Santo Tomás de Aquino

«...fere totius philosophiae consideratio ad Dei cognitionem ordinatur...»

CAPÍTULO 7: Perfección de amor divino que cae bajo consejo

CAPÍTULO 7

Perfección de amor divino que cae bajo consejo

El Apóstol, después de haber dicho no es que la haya alcanzado ya, es decir, que haya logrado la perfección, añade esto otro: Sigo en pos de ella, por si logro apresarla. Y hace esta reflexión: Todos los que somos perfectos, pensemos esto mismo (Flp 3,12-15). De estas palabras se sigue claramente que, si bien la perfección de los comprehensores no nos es posible en esta vida, debemos, sin embargo, vivir con la aspiración de que, en la medida de lo posible, alcancemos alguna semejanza de aquella perfección. En esto consiste una perfección posible en esta vida, a la cual somos invitados por medio de los consejos [evangélicos].

Es un hecho manifiesto que el corazón humano se dirige tanto más intensamente a lo uno cuanto más apartado está de aquello en que hay muchas cosas. Por consiguiente, el espíritu del hombre es llevado a amar a Dios con tanta mayor perfección, cuanto más separado está de apego a las cosas temporales.

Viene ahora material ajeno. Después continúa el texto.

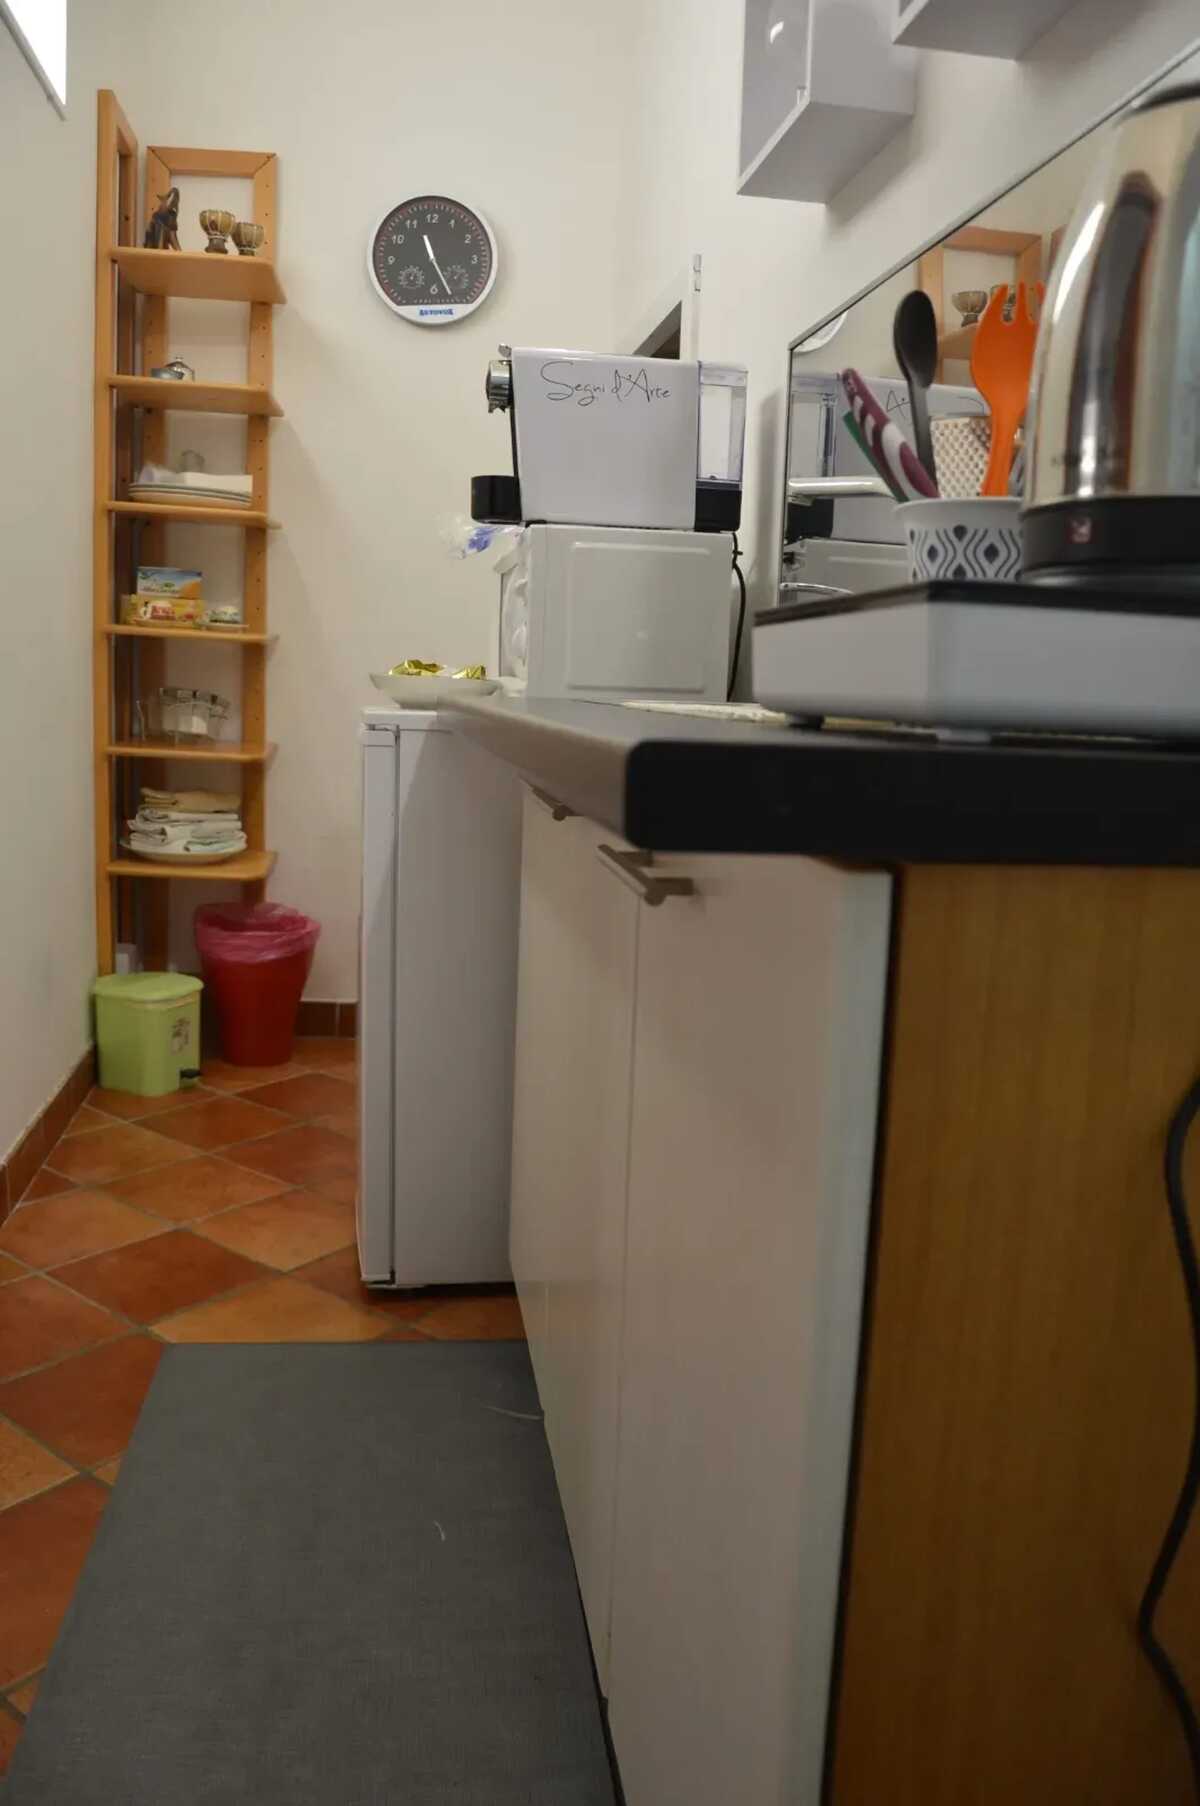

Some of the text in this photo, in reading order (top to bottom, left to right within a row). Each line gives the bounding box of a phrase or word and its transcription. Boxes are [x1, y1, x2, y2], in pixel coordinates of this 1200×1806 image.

[426, 213, 439, 224] 12
[405, 219, 417, 229] 11
[449, 219, 455, 229] 1
[391, 234, 405, 244] 10
[464, 234, 471, 244] 2
[388, 255, 395, 265] 9
[471, 254, 479, 264] 3
[429, 284, 438, 295] 6
[540, 360, 605, 406] Segni
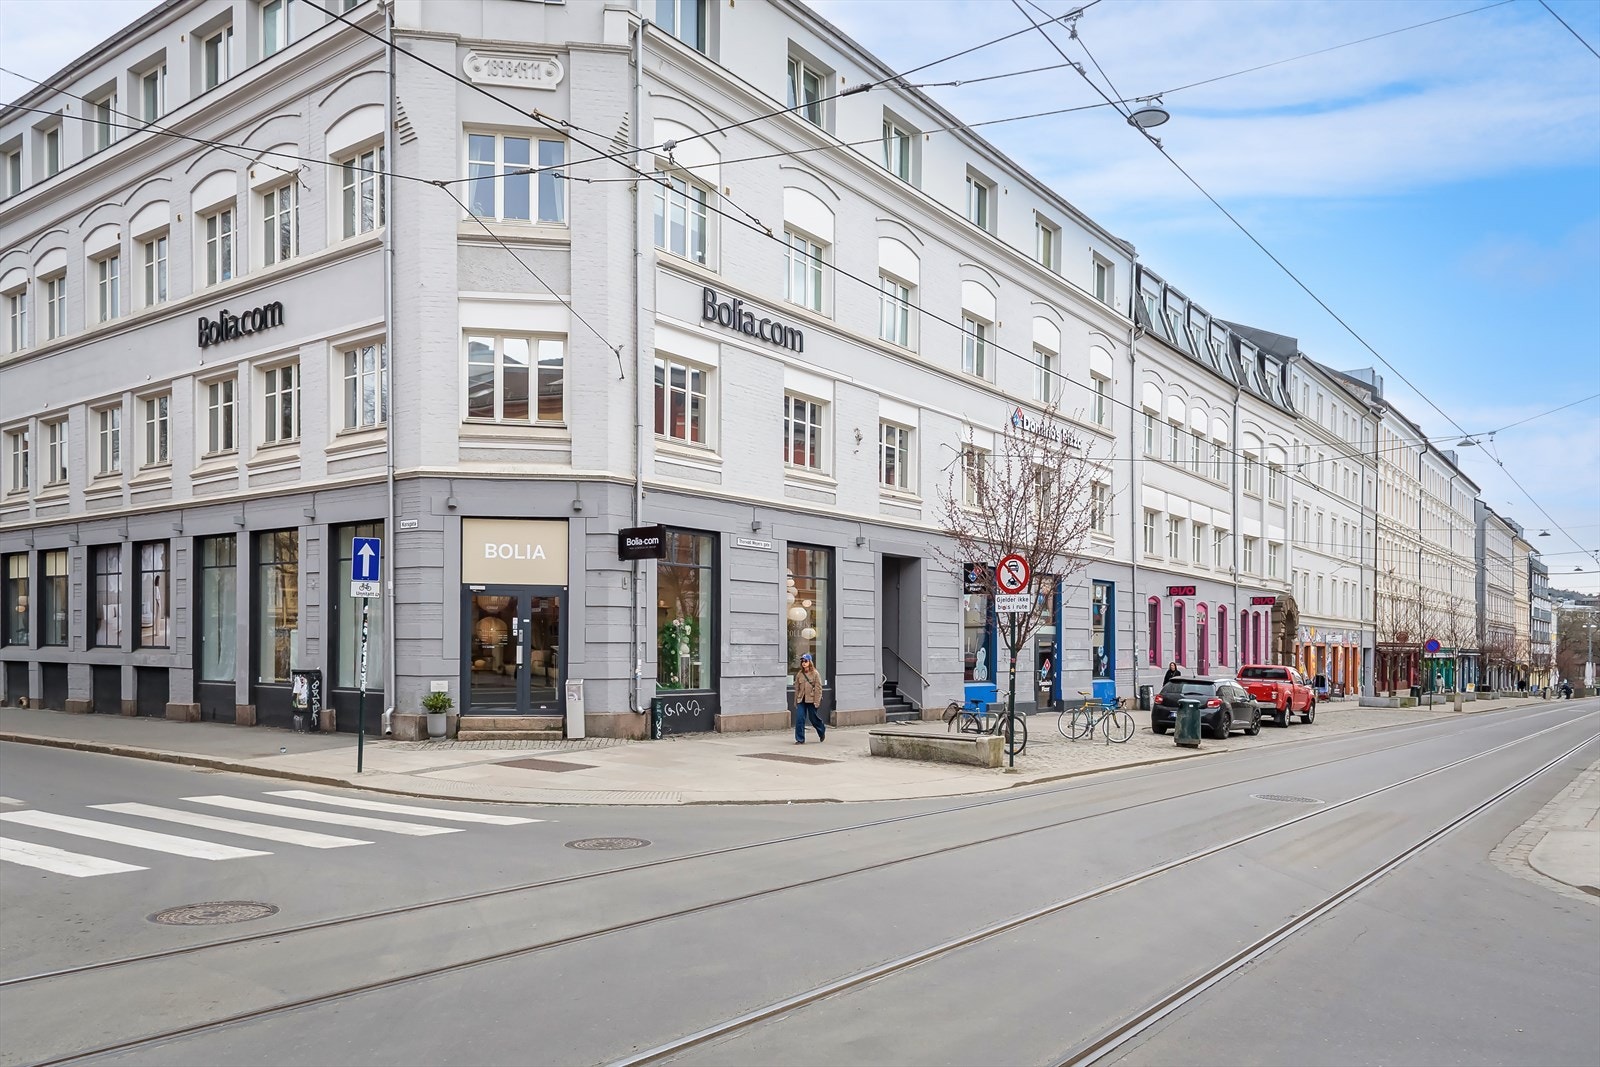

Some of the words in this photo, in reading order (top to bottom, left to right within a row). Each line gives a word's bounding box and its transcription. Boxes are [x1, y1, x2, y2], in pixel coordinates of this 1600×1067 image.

[198, 301, 284, 347] Bolia.com
[704, 286, 804, 353] Bolia.com
[626, 537, 659, 546] Bolia.com
[485, 543, 546, 559] BOLIA
[1170, 587, 1194, 595] evo

Por lo cual dice Agustín que el veneno dela caridad es la codicia de bienes temporales; cuando la codicia disminuye, la caridad aumenta. Y cuando la codicia desaparece, la caridad llega a perfección.

Ahora bien, todos los consejos por los que somos invitados a la perfección, se orientan a esto: a que el espíritu del hombre se aparte del apego a cosas temporales para que, de este modo, la mente tienda con mayor libertad hacia Dios, por la contemplación, el amor y el cumplimiento de su voluntad.